EXERCISE INSTRUCTIONS
Would you write out each line of the material below exactly, skipping every picture?

INFORMATION PROVIDED
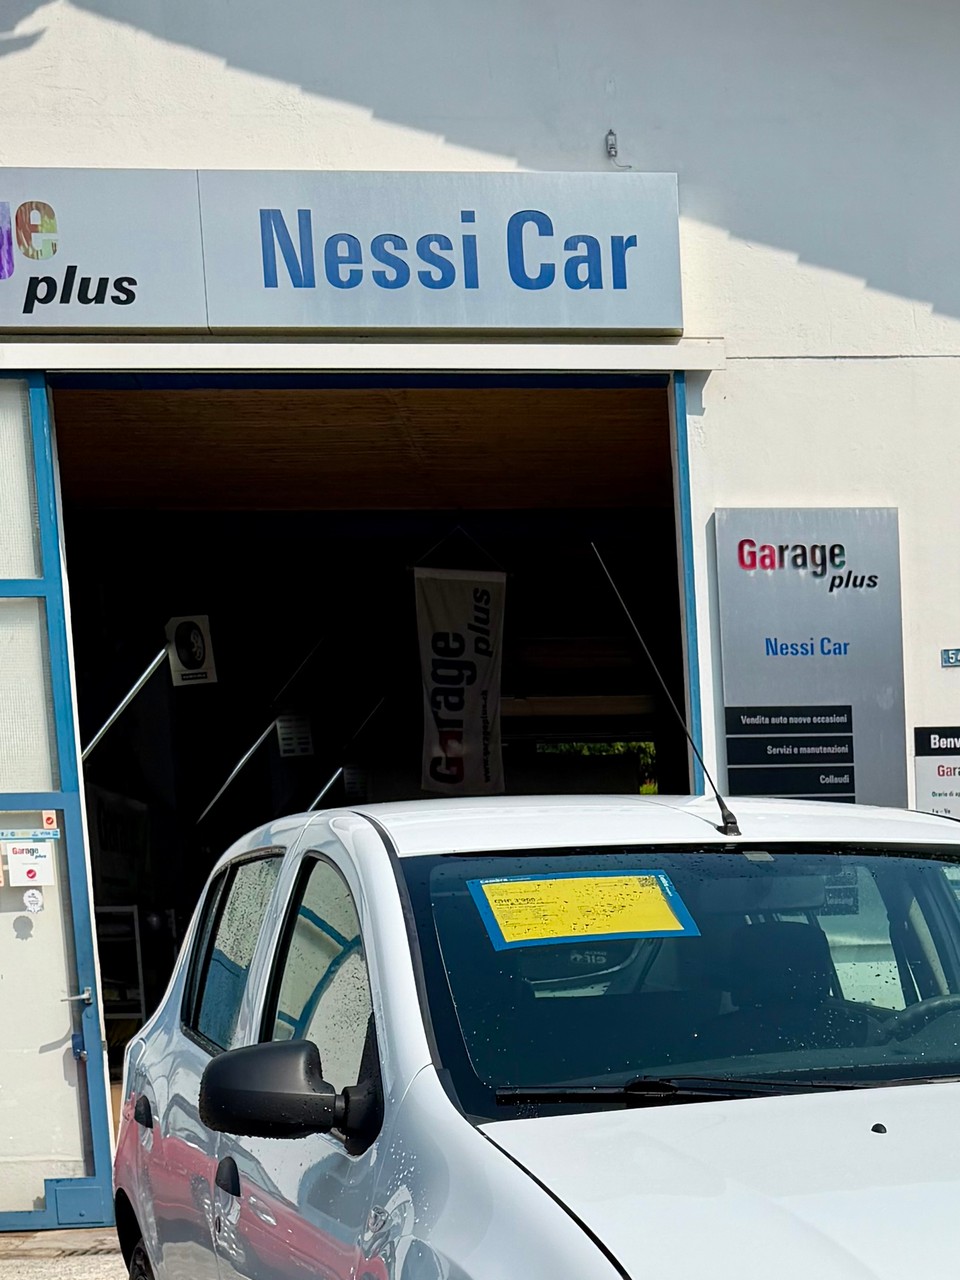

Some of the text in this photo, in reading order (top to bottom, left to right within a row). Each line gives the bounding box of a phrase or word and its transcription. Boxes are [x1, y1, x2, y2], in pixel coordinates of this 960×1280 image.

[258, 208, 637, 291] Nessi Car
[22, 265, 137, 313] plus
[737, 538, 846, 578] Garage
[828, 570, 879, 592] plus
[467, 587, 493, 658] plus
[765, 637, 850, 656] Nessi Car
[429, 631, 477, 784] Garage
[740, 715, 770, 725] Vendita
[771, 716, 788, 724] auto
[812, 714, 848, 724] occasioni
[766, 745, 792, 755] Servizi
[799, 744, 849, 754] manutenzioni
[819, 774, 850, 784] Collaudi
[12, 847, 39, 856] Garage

RESULT OF THE EXERCISE
Some of the text in this photo, in reading order (top to bottom, left to right within a row). Each line gives the bounding box of a phrase or word and its transcription. Boxes are [x1, y1, x2, y2], in pixel coordinates of this 960×1280 image.

[258, 208, 637, 291] Nessi Car
[22, 265, 137, 313] plus
[737, 538, 846, 578] Garage
[828, 570, 879, 592] plus
[467, 587, 493, 658] plus
[765, 637, 850, 656] Nessi Car
[429, 631, 477, 784] Garage
[740, 715, 770, 725] Vendita
[771, 716, 788, 724] auto
[812, 714, 848, 724] occasioni
[766, 745, 792, 755] Servizi
[799, 744, 849, 754] manutenzioni
[819, 774, 850, 784] Collaudi
[12, 847, 39, 856] Garage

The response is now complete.